— RECORDS FOR THIS TASK —
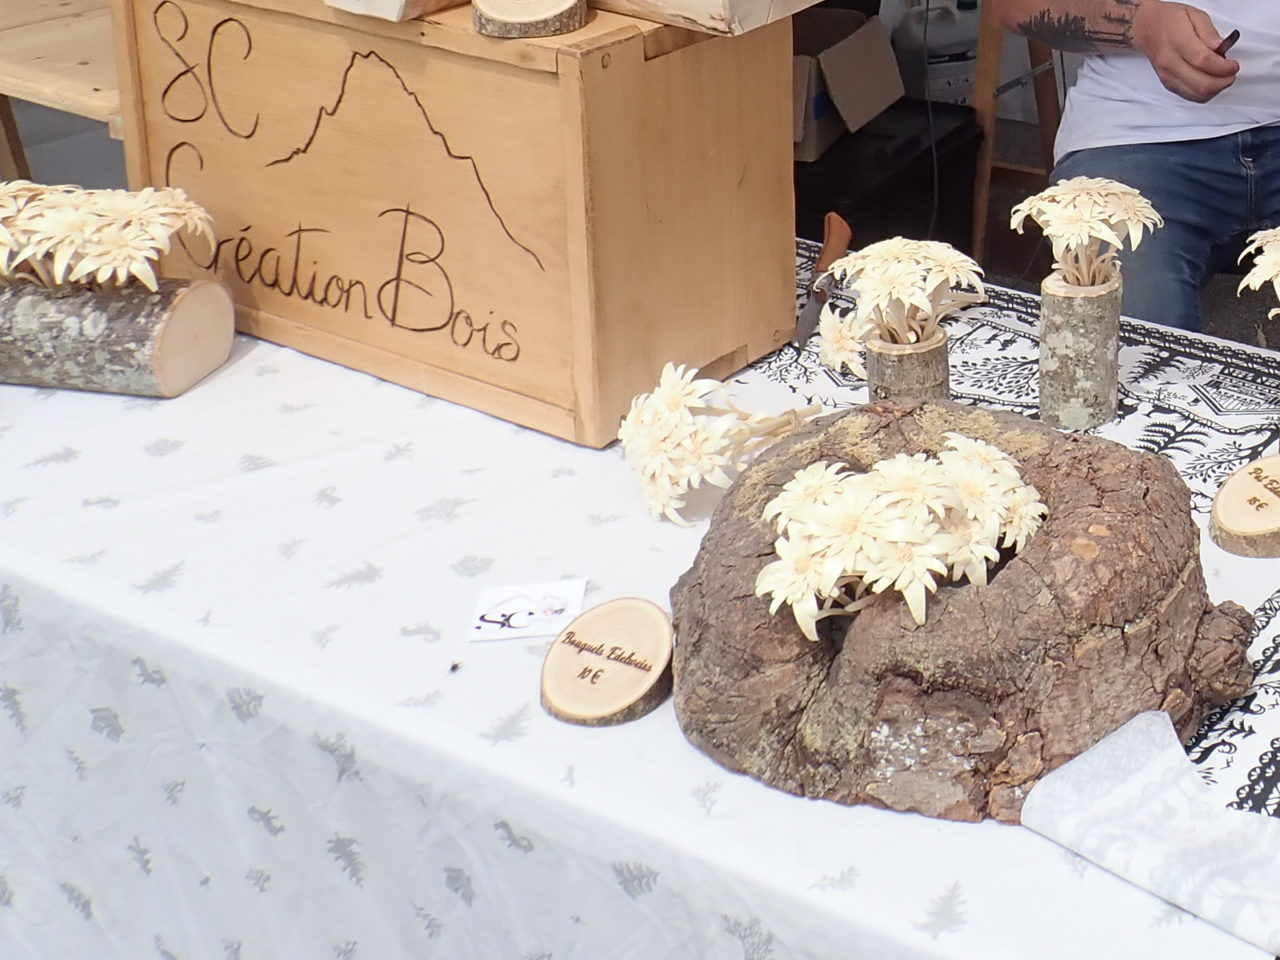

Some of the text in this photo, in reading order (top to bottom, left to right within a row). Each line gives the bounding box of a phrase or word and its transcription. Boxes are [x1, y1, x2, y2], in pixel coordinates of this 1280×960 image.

[377, 203, 521, 363] Bois
[1256, 502, 1268, 512] €
[561, 630, 653, 673] Bouquets Edelweiss
[590, 669, 604, 685] €
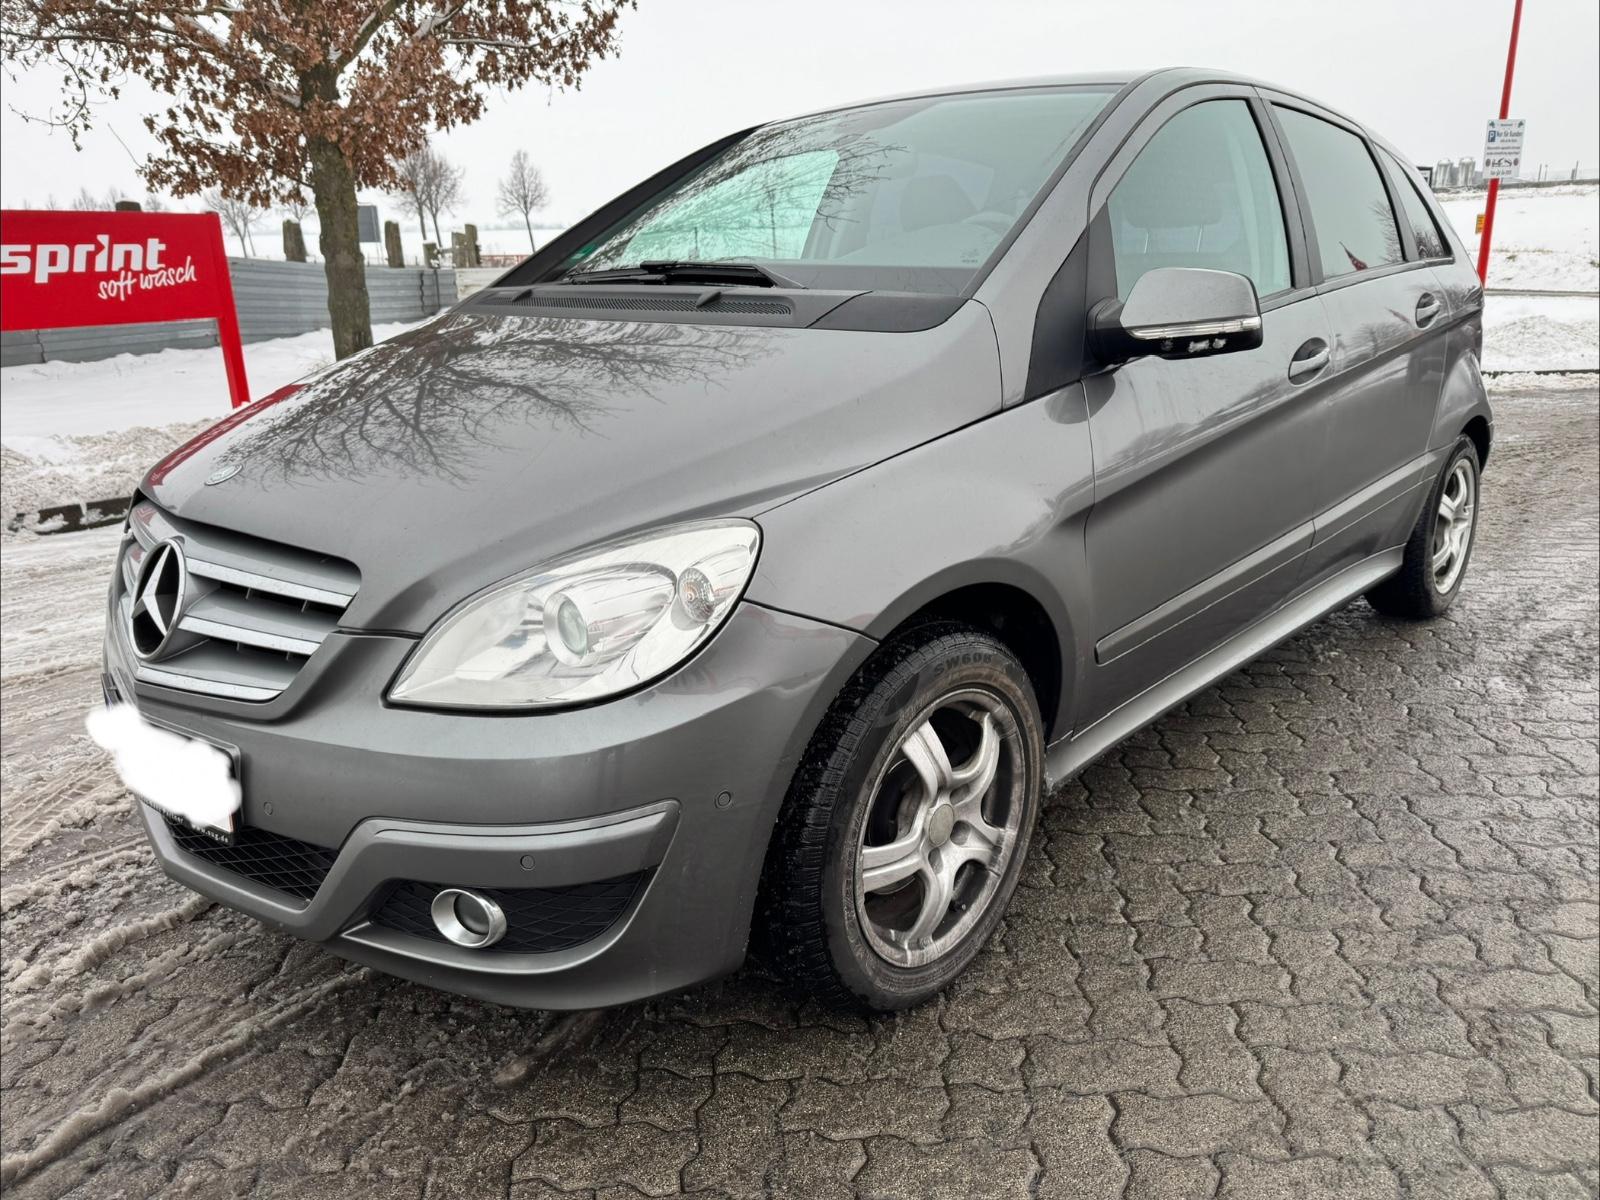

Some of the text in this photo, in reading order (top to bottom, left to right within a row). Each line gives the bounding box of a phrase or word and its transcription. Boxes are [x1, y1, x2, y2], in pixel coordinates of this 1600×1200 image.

[1, 234, 166, 284] sprint
[98, 255, 197, 301] soft wasch
[934, 652, 992, 677] SW608

— ASSIGNMENT —
Please repeat every line from the listing above exactly as it appears. Drop the pictures.

— REPLY TO THE TASK —
Some of the text in this photo, in reading order (top to bottom, left to right within a row). Each line gives the bounding box of a phrase or word and its transcription. Boxes are [x1, y1, x2, y2], in pixel coordinates of this 1280×960 image.

[377, 203, 521, 363] Bois
[1256, 502, 1268, 512] €
[561, 630, 653, 673] Bouquets Edelweiss
[590, 669, 604, 685] €

Some of the text in this photo, in reading order (top to bottom, left to right within a row). Each line gives the bounding box of a phrase or word and its transcription. Boxes are [x1, y1, x2, y2], in pixel coordinates of this 1600×1200 image.

[1, 234, 166, 284] sprint
[98, 255, 197, 301] soft wasch
[934, 652, 992, 677] SW608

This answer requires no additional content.